As normas, há muito tempo aplicadas pelas elites, começam a ter um papel nas instituições destinadas à massa. Uma limpeza já antiga começa a existir como se a prática "pensada" para o povo devesse implicar uma defasagem e um tempo de latência (p. 167).
O banho se instalou lentamente nas práticas da elite, bem no final do século XVIII, o que anunciava o caminho que seria desenvolvido no século XIX. Em meados do século XIX foram tomadas medidas concretas para corrigir a falta de limpeza indigente. Assim, se transformavam os espaços públicos e a pedagogia se prolongava na norma imposta aos instrumentos e aos espaços. O planejamento urbano passou a ser em função do consumo de água, a qual se tornou, como nunca o foi, um problema de estratégia coletiva, para impedir a doença e trazer a saúde.
No século XIX a higiene passou a ocupar um lugar inédito, a ser uma disciplina específica dentro da medicina. Mesmo já no final do século XVIII, o médico se aproximou do político, desempenhando um papel na disposição das cidades e de diversos locais públicos.
As disparidades sociais já não se verificavam apenas entre o banho e as abluções parciais, mas também entre vários tipos de banhos. Nesse período, diferente do século XVIII, o banho não significava tratar apenas do corpo, mas sobretudo de não subverter a ordem. Havia uma moralização da limpeza: o objetivo não era outro senão transformar os costumes dos mais desfavorecidos.

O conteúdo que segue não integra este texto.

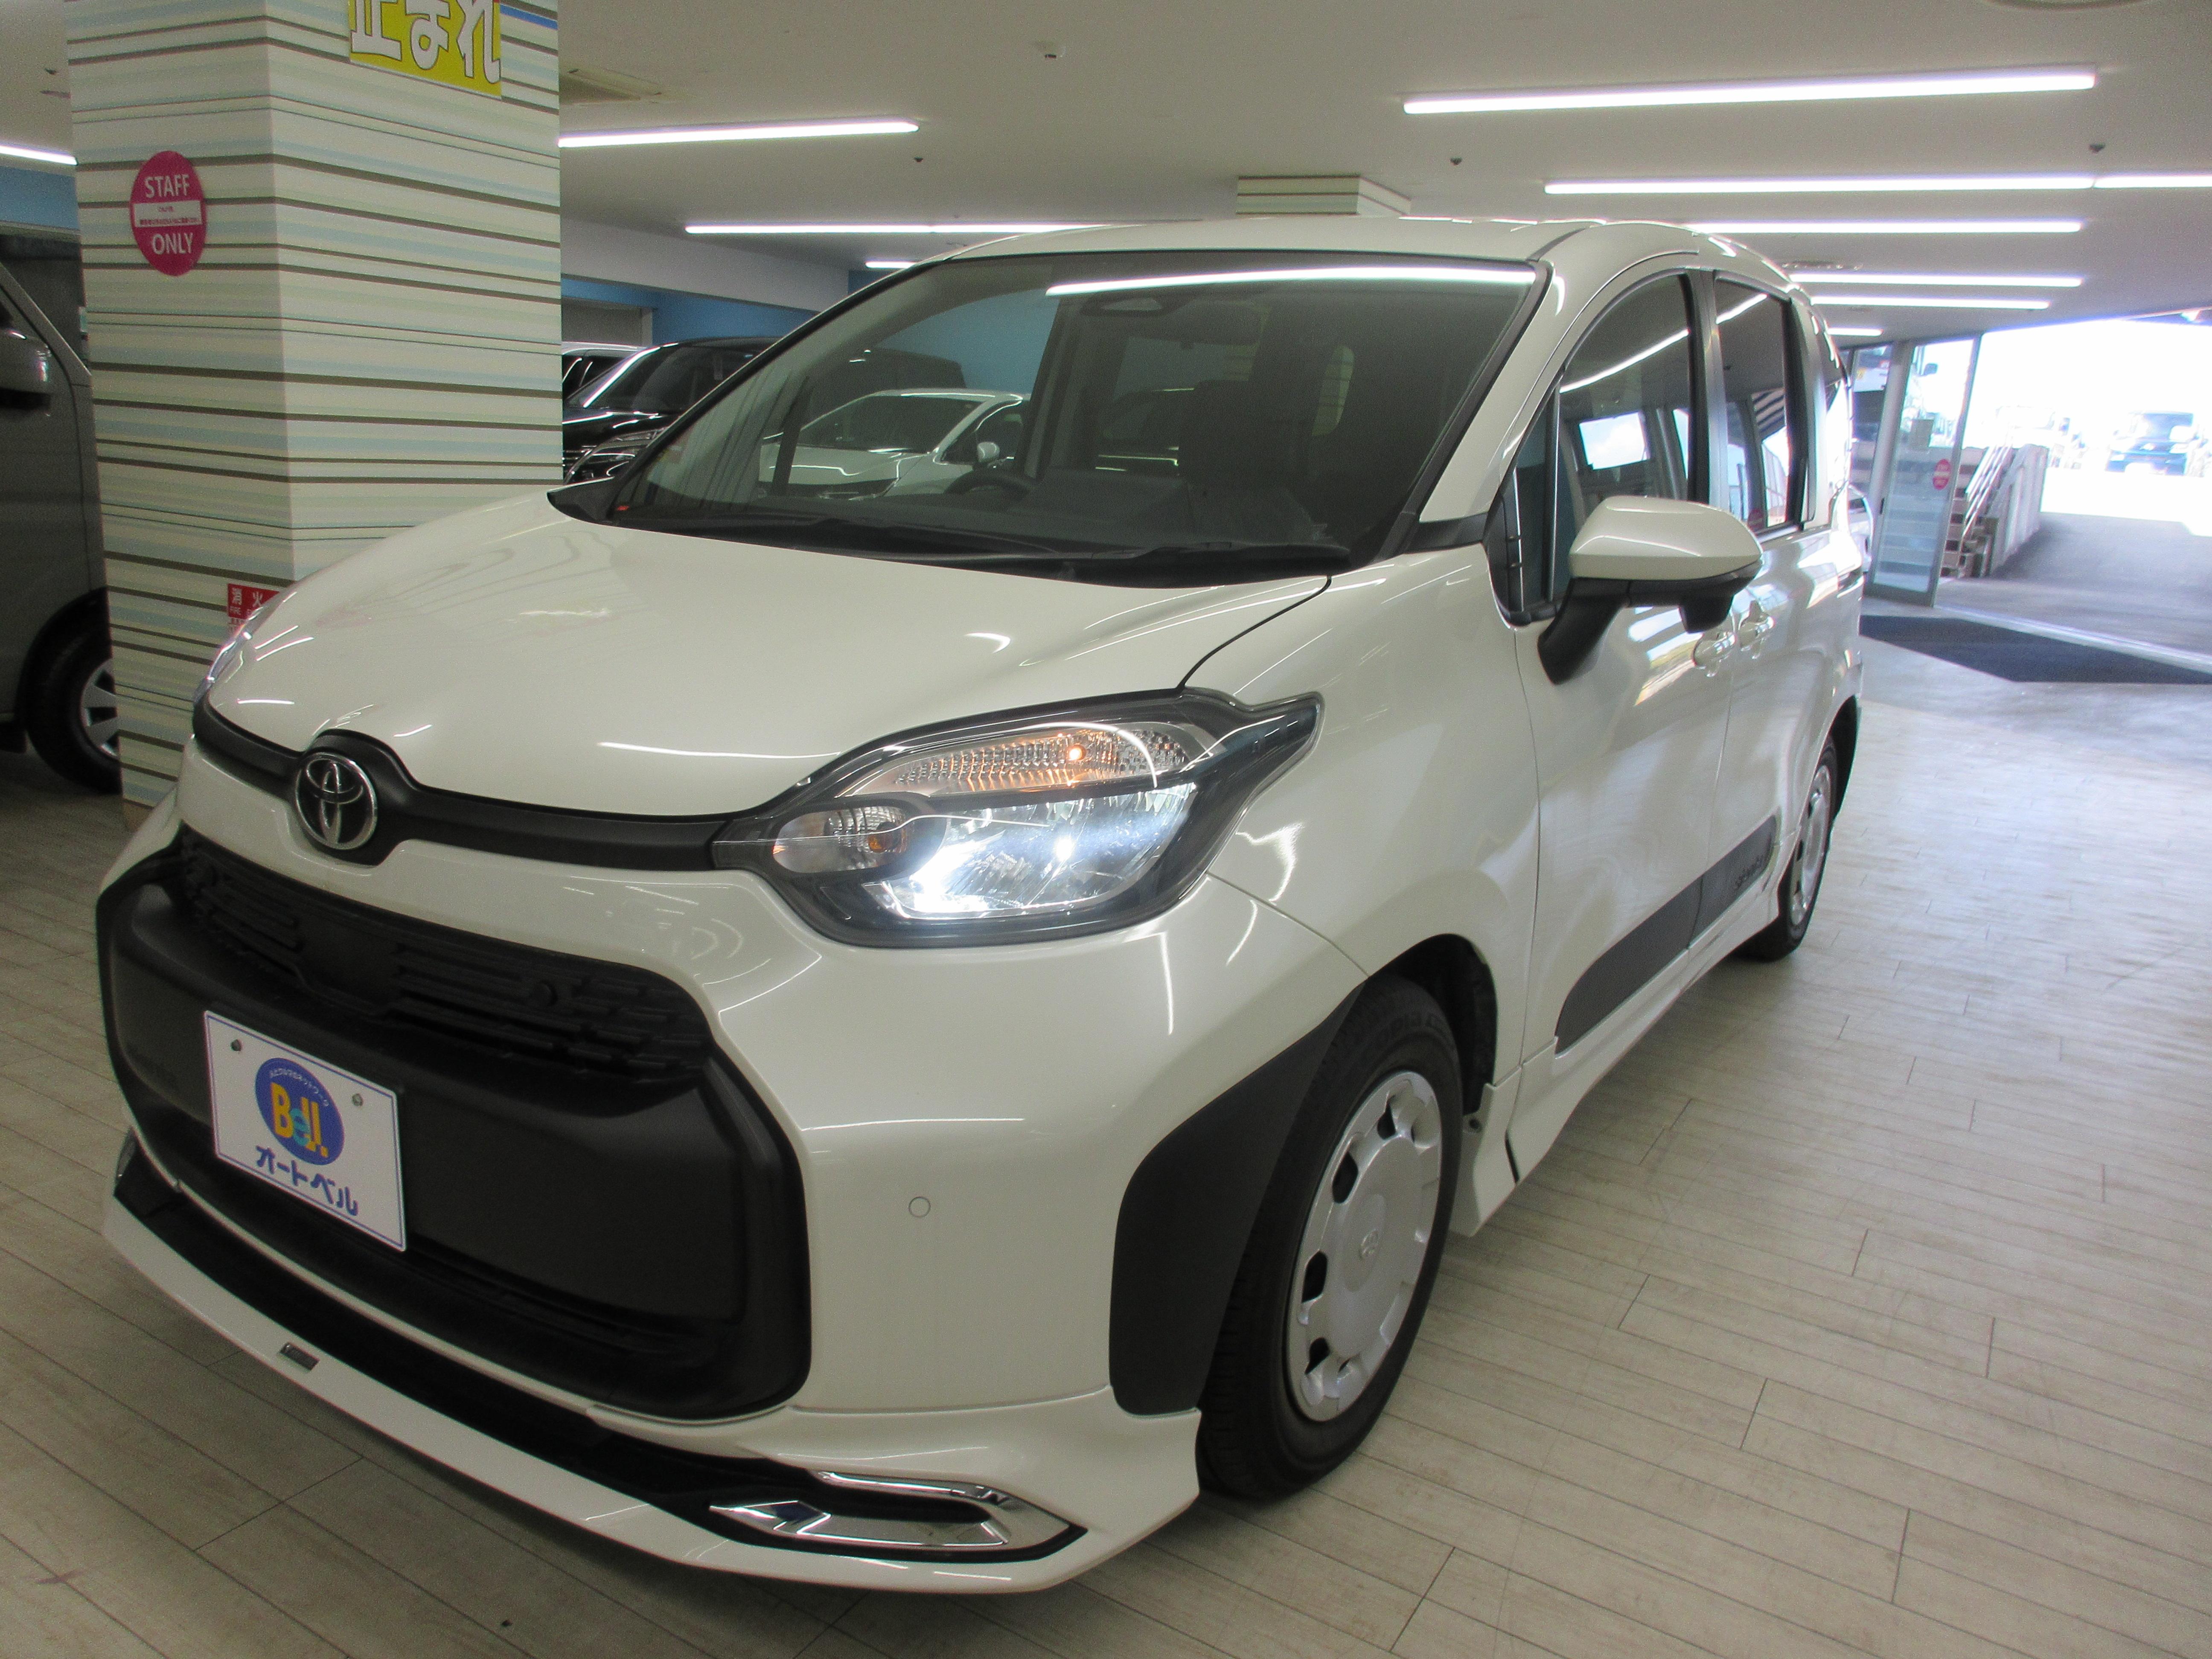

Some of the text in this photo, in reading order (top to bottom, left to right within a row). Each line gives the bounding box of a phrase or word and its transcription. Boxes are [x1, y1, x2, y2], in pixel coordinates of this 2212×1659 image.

O autor afirma que, quanto à higiene, a resposta é antes de tudo pedagógica, num sentido "catequizante". A sujeira era tratada como sendo um efeito da preguiça, contrariamente do que se pensava até o século XVIII, quando o banho era visto como uma prática do ócio. Criou-se um manual de higiene, o qual se tornou um texto de estudo. Assim, sucessivamente em todas as instâncias educacionais se trabalhou com o princípio de ensinar o outro, adequando-o, disciplinando-o pois um povo amigo da limpeza logo o será da ordem e da disciplina (p. 216).